Dr. Roni Yeger-Granot

Dr. Roni
Yeger-Granot
Dept. Chair; Head of Musicology Labs Room: Office: 6812; Lab: 1609
Research Interest: Music is universal, and like other arts is part of what defines us as humans. It is clearly, one of the most widespread cultural phenomena which has been studied from numerous perspectives including the social, anthropological, historical, aesthetic, semiotic and theoretic. However, music also presents a unique example of complex human behavior requiring an exquisite orchestration of mental, emotional and motor processes.  Moreover, it has recently been suggested that music may be biologically rooted and that at least in its origin it may have had evolutionary adaptive functions related to social bonding.
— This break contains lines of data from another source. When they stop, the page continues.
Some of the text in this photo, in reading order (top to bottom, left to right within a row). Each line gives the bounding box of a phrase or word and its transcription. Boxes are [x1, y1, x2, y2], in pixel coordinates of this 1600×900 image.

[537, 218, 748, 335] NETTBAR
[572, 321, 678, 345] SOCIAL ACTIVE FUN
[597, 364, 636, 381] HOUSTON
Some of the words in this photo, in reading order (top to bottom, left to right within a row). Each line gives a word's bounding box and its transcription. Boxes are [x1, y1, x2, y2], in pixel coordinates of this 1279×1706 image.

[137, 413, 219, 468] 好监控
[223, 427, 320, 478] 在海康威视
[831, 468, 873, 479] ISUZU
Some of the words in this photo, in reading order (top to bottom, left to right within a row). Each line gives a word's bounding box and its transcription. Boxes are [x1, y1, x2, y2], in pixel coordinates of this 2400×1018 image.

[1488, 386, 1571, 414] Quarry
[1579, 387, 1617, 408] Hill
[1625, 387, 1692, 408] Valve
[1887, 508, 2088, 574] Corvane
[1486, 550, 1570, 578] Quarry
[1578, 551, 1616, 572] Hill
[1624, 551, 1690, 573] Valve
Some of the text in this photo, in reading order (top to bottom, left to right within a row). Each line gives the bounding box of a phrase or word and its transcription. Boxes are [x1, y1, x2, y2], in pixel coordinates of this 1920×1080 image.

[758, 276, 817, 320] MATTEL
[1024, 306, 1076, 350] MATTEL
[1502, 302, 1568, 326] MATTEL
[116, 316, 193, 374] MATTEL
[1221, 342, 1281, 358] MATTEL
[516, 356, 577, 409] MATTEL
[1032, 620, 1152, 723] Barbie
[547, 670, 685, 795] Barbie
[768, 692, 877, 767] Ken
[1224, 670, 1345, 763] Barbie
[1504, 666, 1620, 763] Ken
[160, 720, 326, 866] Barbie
In my research I use behavioral and brain measures to study a number of questions related to music cognition and its neural substrates: What is the relationship between music theory and cognition? On which level (scales, tonality, musical form), does music theory describe a cognitive reality? Neural substrates of emotional reactions to music with a special focus on notions of expectancy and surprise. The role of vasopressin in musical memory. Neural substrates of octave equivalence and the phenomenon of pitch class. The role of cross-modal interactions in music, particularly in the associations of music with physical space and bodily motion.   Out of tune singing. Consonance and dissonance perception as a biological versus cultural percept.   My collaboration with ICNC members can be seen in co-supervision of Doctoral students (see CV) and especially in a joint seminar "Music and the Brain" offered at the ICNC by  Prof. Israel Nelken, Prof. Naphtali Tishby, Prof. Naphtali Wagner (musicology Dept.,) and myself (2010 and 2012) and in the international workshop we organized with Nori Jacoby and Prof. Globerson titled "Music and Brains: The Surprising Link -- An Interface between Music, Cognition and Neuroscience", which took place in Jerusalem , February 10-13, 2013.